Saved entries:
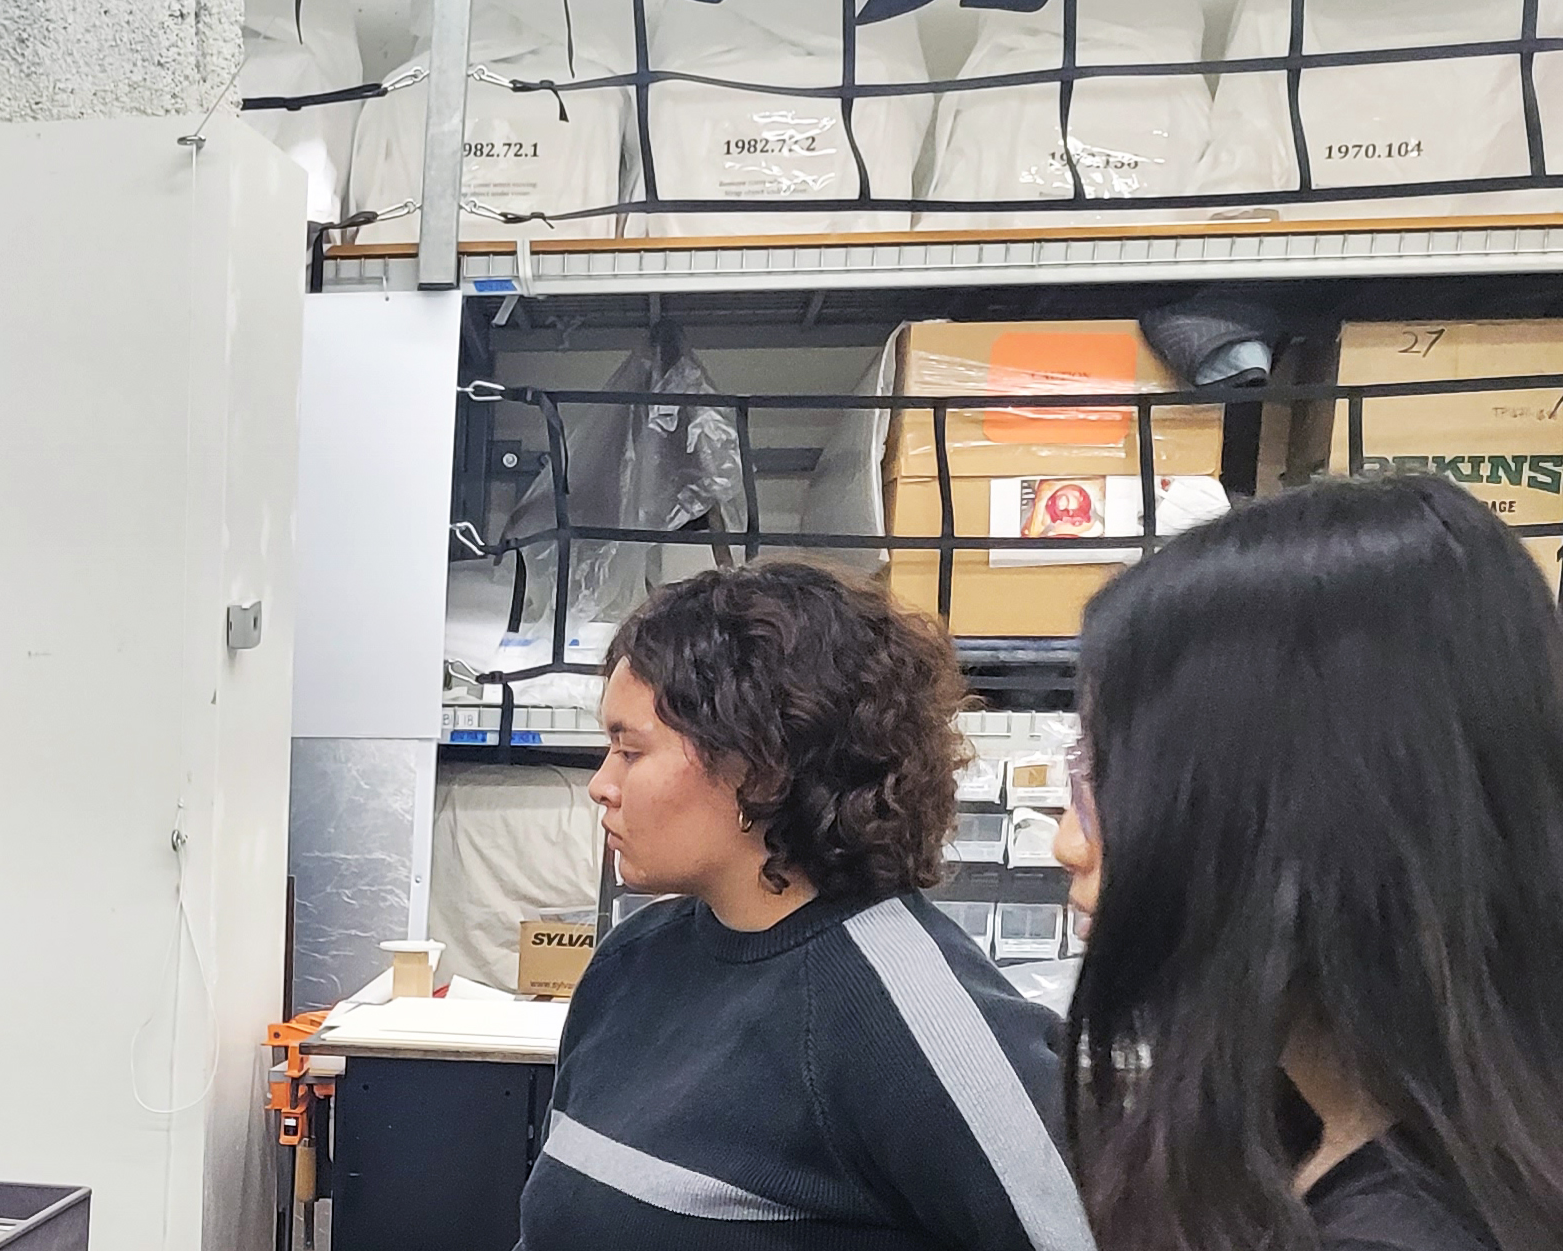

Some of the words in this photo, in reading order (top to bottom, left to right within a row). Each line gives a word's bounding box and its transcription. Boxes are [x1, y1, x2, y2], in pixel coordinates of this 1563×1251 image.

[463, 142, 540, 158] 982.72.1
[724, 136, 816, 155] 1982.72
[1325, 140, 1424, 160] 1970.104
[1398, 328, 1445, 357] 27
[1486, 501, 1517, 513] AGE
[531, 933, 594, 948] SYLVA
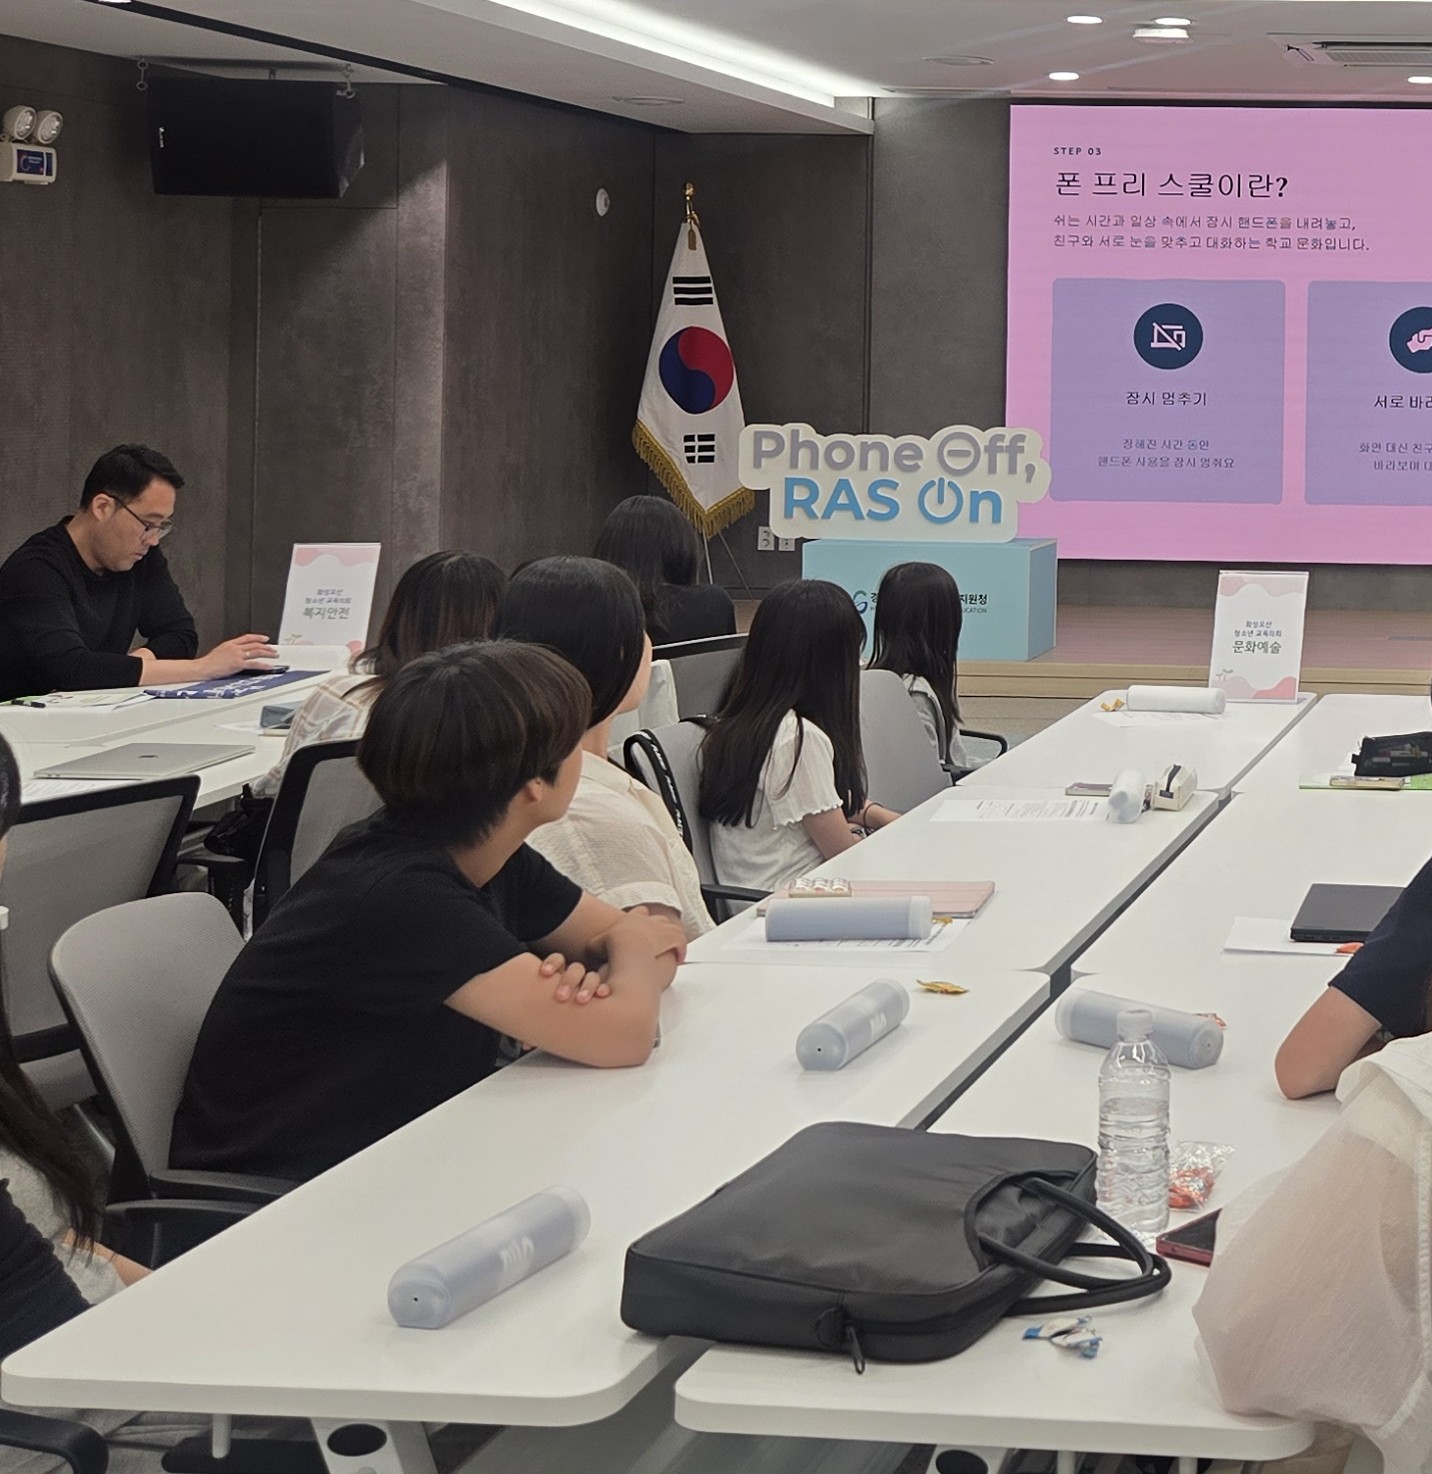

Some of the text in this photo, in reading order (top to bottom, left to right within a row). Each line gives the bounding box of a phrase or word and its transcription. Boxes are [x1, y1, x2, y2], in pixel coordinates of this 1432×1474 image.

_ASSIGNED TASK:_ Could you please repeat the entries above exactly, with every picture left out?

_COMPLETED EXERCISE:_
Some of the words in this photo, in reading order (top to bottom, left to right within a row). Each line gives a word's bounding box and its transcription. Boxes are [x1, y1, x2, y2], in pixel coordinates of this 1563×1251 image.

[463, 142, 540, 158] 982.72.1
[724, 136, 816, 155] 1982.72
[1325, 140, 1424, 160] 1970.104
[1398, 328, 1445, 357] 27
[1486, 501, 1517, 513] AGE
[531, 933, 594, 948] SYLVA

Some of the text in this photo, in reading order (top to bottom, left to right within a row). Each line gives the bounding box of a phrase or word and its transcription. Boxes are [x1, y1, x2, y2], in pixel coordinates of this 1432×1474 image.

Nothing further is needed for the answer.